I'm a big ball of whiny tears today.

First off , let me admit I am utterly and completely a mommy's girl... even if my mom drives me absolutely insane sometimes.

TJ has a high probability of getting a management position in his company down in Vancouver and we'd have to relocate immediately. They'd pay for the move... but we'd have to leave, rent our house out, uproot the kids (though they don't have any super close friends here anyway. Most of our close friends are in the Seattle area). I don't want to leave my mom... I don't want to leave this area... I mostly am scared and depressed about going to a new town with no one that I know.. (even though I know some of you are relatively close..) and I feel like I'll be totally lonely there. *Sigh*

I know I shouldn't whine given the other predicaments you other mamas are dealing with... but I'm a small town girl and Vancouver feels like a WORLD away. That being said... I would love to be closer to Oregon again. Sometimes I feel like a loner up here because I am treated a little different for my parenting/birthing/living styles.. ANd the beautiful weather.
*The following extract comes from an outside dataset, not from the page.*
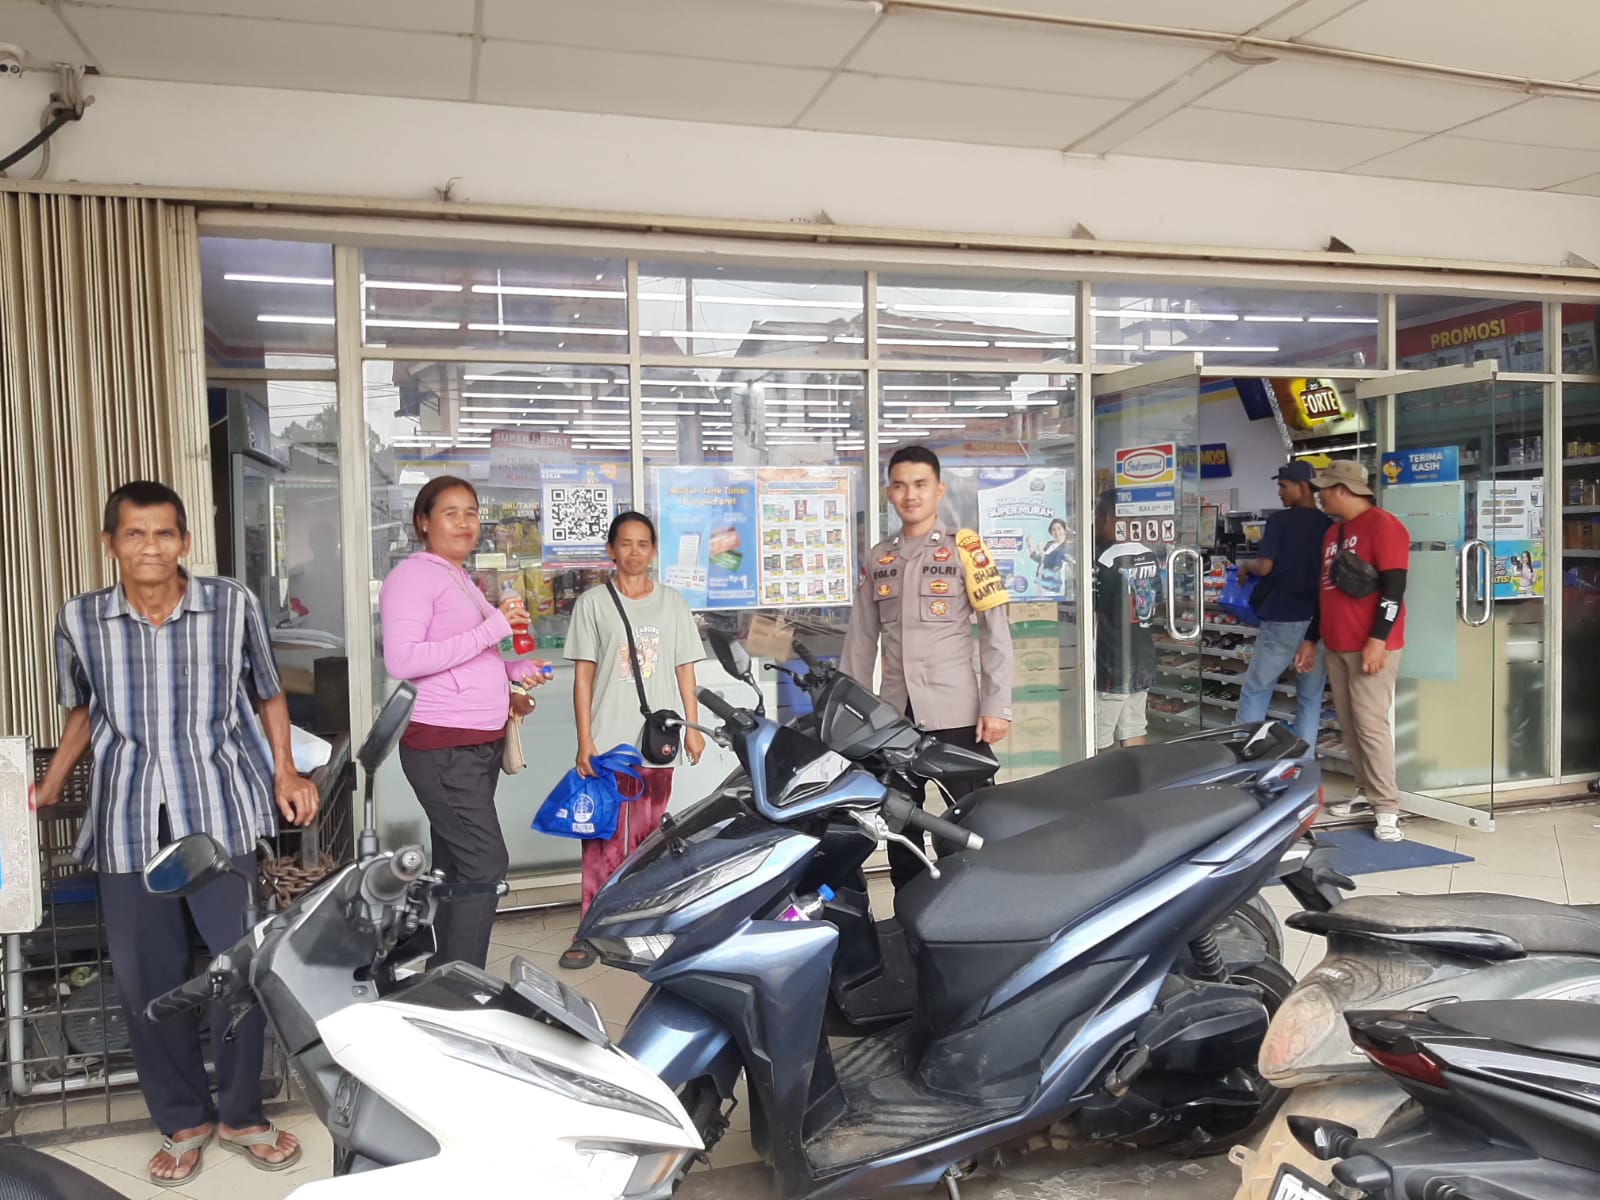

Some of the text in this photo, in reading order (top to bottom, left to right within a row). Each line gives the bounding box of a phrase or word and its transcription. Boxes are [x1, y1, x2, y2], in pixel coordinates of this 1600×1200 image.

And the beautiful temple of our church in Portland that TJ and I walked circles around for months when we started going back to church and rebuilding our relationship when Dom was just two months old...


----------



## jstar (Jul 22, 2004)

els - your experience sounded much like i could imagine it and thanks for sharing the full spectrum of emotions. i think the real physical pain of it matches the emotional pain. and then the physical pain is over but the emotional pain isn't. but at least it is tempered by major relief. i hope you get a chance to curl up in a ball and leave the rest of the world going on outside around you while you get to recuperate.

danile - vancouver is close to all of us! but i can understand leaving your home. and your mom!

gah - ebin has entered a new phase of expression which involves SCREECHING!! A LOT!!! he has realized he has a voice...he just doesn't have words. i think he's trying to compete with his brother on the sound scale

claudia - i read your blog. i think you handled it really well even if it felt really carpy. you had a plan. you stuck with it. i bet if you tried again he may make the step to join in because he will know you will leave. (he saw you follow through on that plan). it seems like he is scared to join in but if you can give him that forceful prod he will enjoy it so much *and* have that accomplished feeling of conquering a fear. of course it is so hard to 'make' a child do anything they're resisting. so it ends up being some sort of jedi mind trick to be able to get them to do it. an idea - i bet M feels like it is all of the kids vs. him because they are all doing it...and he isn't (yet). is there any way to get to class early and pick a nice looking kid and say 'hi this is M, what's your name?' 'can M put his mat next to yours because he doesn't know anyone in this class?' then put his mat down and act like there is no other assumption except him participating. 'here M you sit next to __ and i am going to sit right over here and watch you'

i could also see him enjoying a preschool experience where he would get to know the kids and feel comfortable with the routine once he got used to it. i wish he could be in isaac's class so he would know someone







are any of the westside kids you know attending a preschool close to you?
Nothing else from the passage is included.